I wish the necro threads were a different colour or something because I read about 10 posts and then notice they are from 1957.


----------



## player99 (Sep 5, 2019)

Perhaps a forum should have a sub-forum for banned people.


----------



## Electraglide (Jan 24, 2010)

player99 said:


> I wish the necro threads were a different colour or something because I read about 10 posts and then notice they are from 1957.


Took you that long again did it?


----------



## player99 (Sep 5, 2019)

Electraglide said:


> Took you that long again did it?


Yes I always get sucked in. I think I am going to start reviving necro threads on mass and do a necro thread flood. See if goes over well.


----------



## Electraglide (Jan 24, 2010)

player99 said:


> Yes I always get sucked in. I think I am going to start reviving necro threads on mass and do a necro thread flood. See if goes over well.


What ever turns you on. I see you're starting to stroke yourself already.


----------



## player99 (Sep 5, 2019)

Electraglide said:


> What ever turns you on. I see you're starting to stroke yourself already.


Just a little test. I see there are another 3 or 4 at the bottom here... I will hold back with all my self control... Must... not... revive... necro... threads...


----------



## keithb7 (Dec 28, 2006)

I got used to the Political Pundit forum here. Anything goes. Say what you want.
That’s not necessarily the case in other political forums. I stated my absolute disgust of a political figure in another forum. I wasn’t polite. This public figure had me pretty wound up. I was fit to be tied.

I was immediately banned for life from the other forum. I emailed the moderators to offer an apology. They never responded. I guess i went too far. It means little. Go to gmail and setup a new email. Re-join the forum if you like it that much.

I lost it. Oh well. Most people do at some point. Nobody was hurt. My comments were not directed at anyone except a lying politician.


----------



## Milkman (Feb 2, 2006)

I got banned at another music forum for posting a cartoon showing a beaver (if memory serves) trying to keep the Canada / US border closed.

It was posted here by another member for everyone to see. No objections here.

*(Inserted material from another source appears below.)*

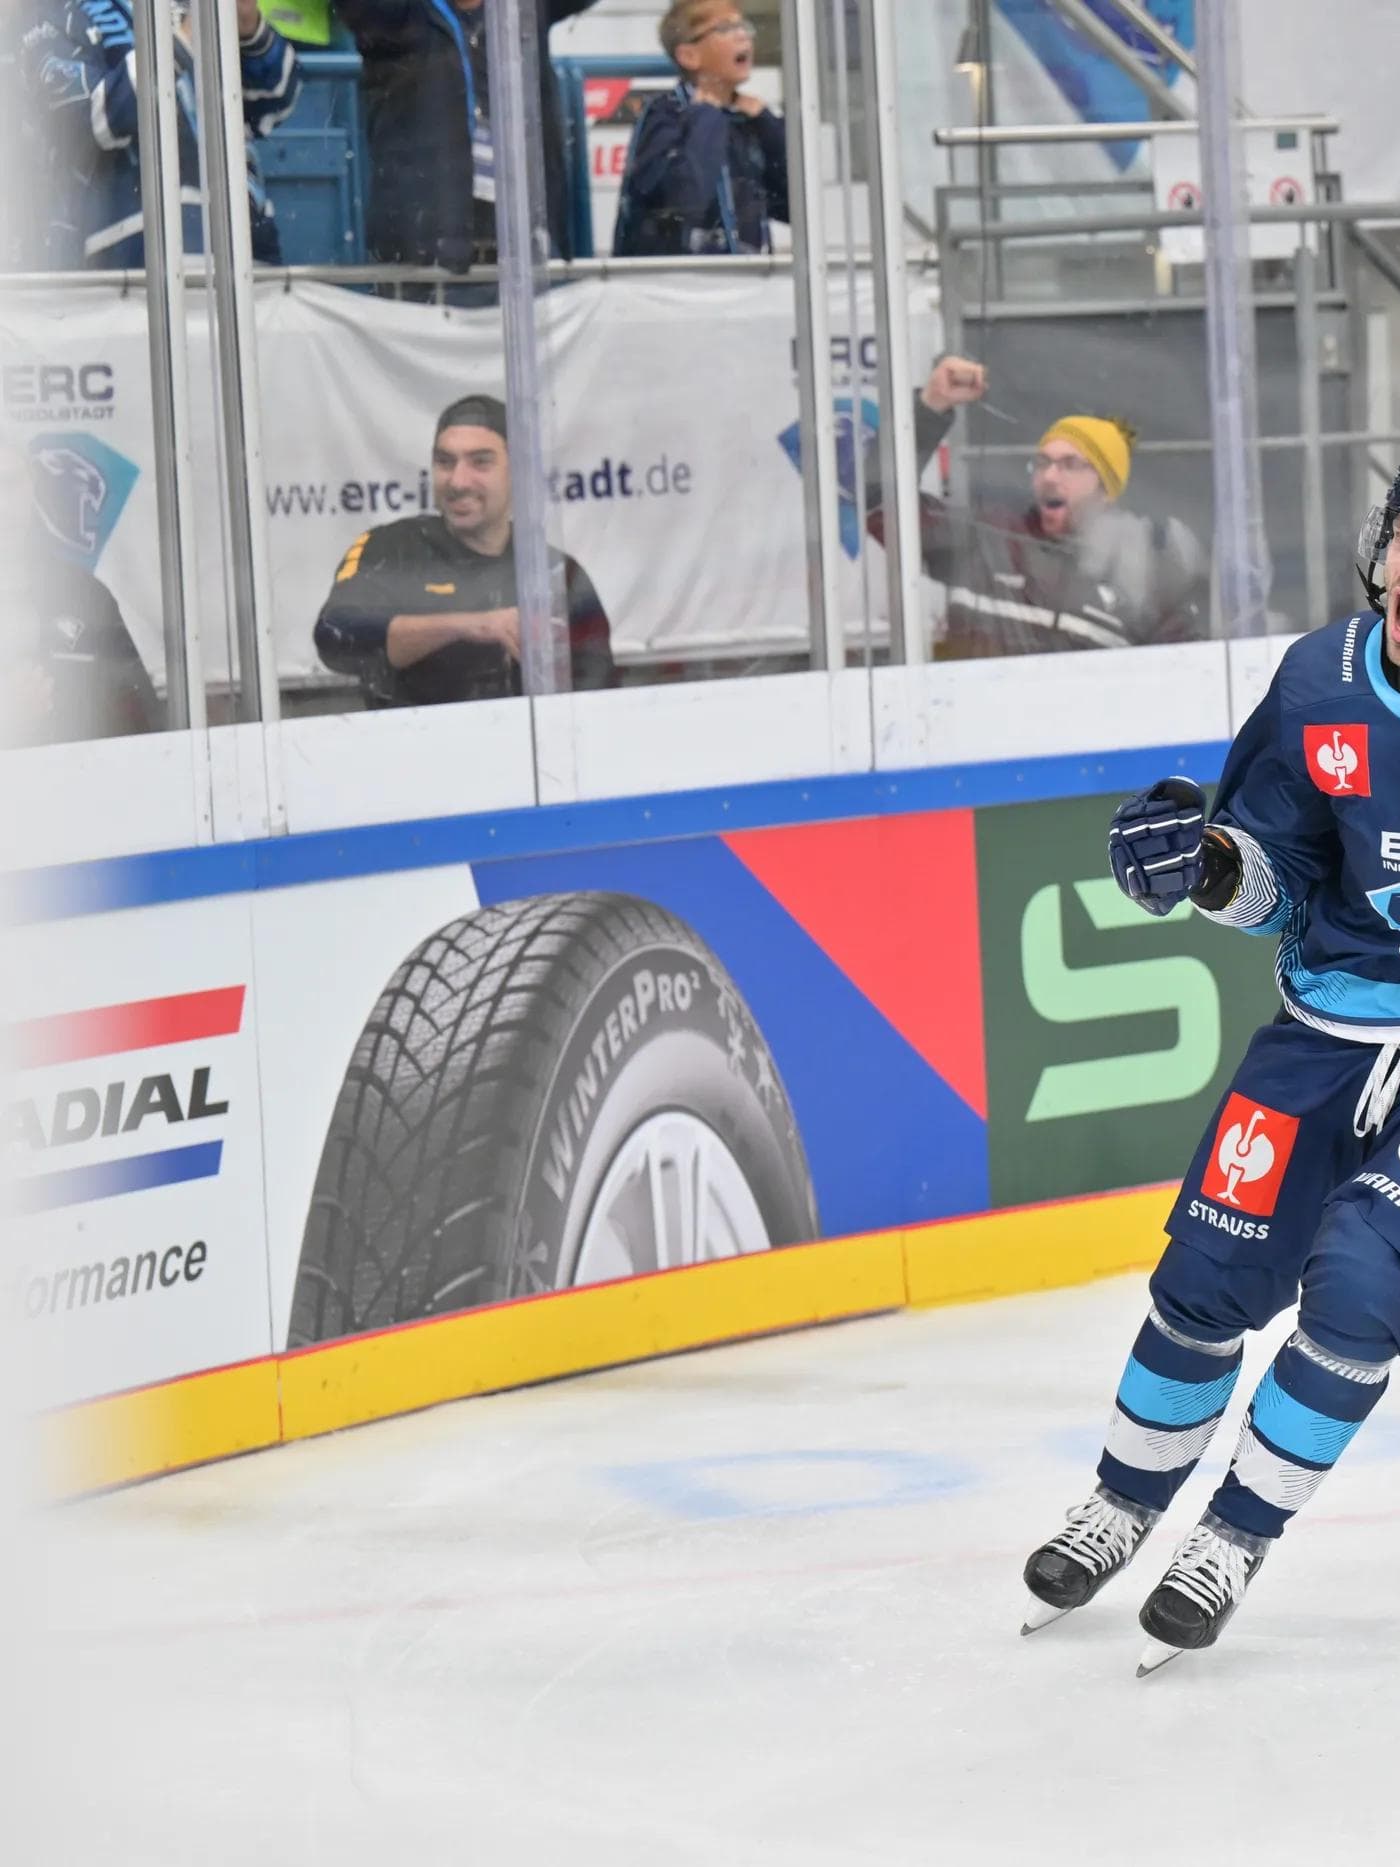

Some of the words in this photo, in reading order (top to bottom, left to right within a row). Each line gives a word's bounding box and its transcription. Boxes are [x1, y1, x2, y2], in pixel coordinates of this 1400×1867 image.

[1342, 617, 1361, 682] WARRIOR
[1187, 1199, 1270, 1240] STRAUSS
[22, 1239, 208, 1320] ormance

Got me permabanned down south, LOL.


----------



## 1SweetRide (Oct 25, 2016)

zontar said:


> I've never been banned, but I did have a thread I started asking an honest question about the attitude of some posters that was deleted because it became a series of attacks against me for asking the question--but nobody actually answered the questions.
> It wasn't a music related forum.
> But it was over-run by people who would just post insults if somebody posted something they didn't agree with--which was odd, because the stated purpose of the forum was to challenge how people think, but if you did you got drowned out with insults.
> 
> Well, I had better things to do with my life, so I left them to their supposed superiority of thought.

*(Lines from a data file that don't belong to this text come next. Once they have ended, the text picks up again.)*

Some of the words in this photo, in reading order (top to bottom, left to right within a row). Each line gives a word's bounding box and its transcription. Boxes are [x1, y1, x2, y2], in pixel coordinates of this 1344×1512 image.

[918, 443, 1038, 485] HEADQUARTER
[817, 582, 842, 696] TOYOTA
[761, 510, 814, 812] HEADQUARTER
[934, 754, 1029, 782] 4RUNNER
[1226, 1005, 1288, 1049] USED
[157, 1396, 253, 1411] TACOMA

That sounds like you just described 99% of the internet.


----------



## laristotle (Aug 29, 2019)

Milkman said:


> beaver (if memory serves) trying to keep the Canada / US border closed.


----------



## Milkman (Feb 2, 2006)

laristotle said:


> View attachment 340952


Good one, but not the one I re-posted. That one was an illustration.


----------



## vadsy (Dec 2, 2010)

Milkman said:


> Good one, but not the one I re-posted. That one was an illustration.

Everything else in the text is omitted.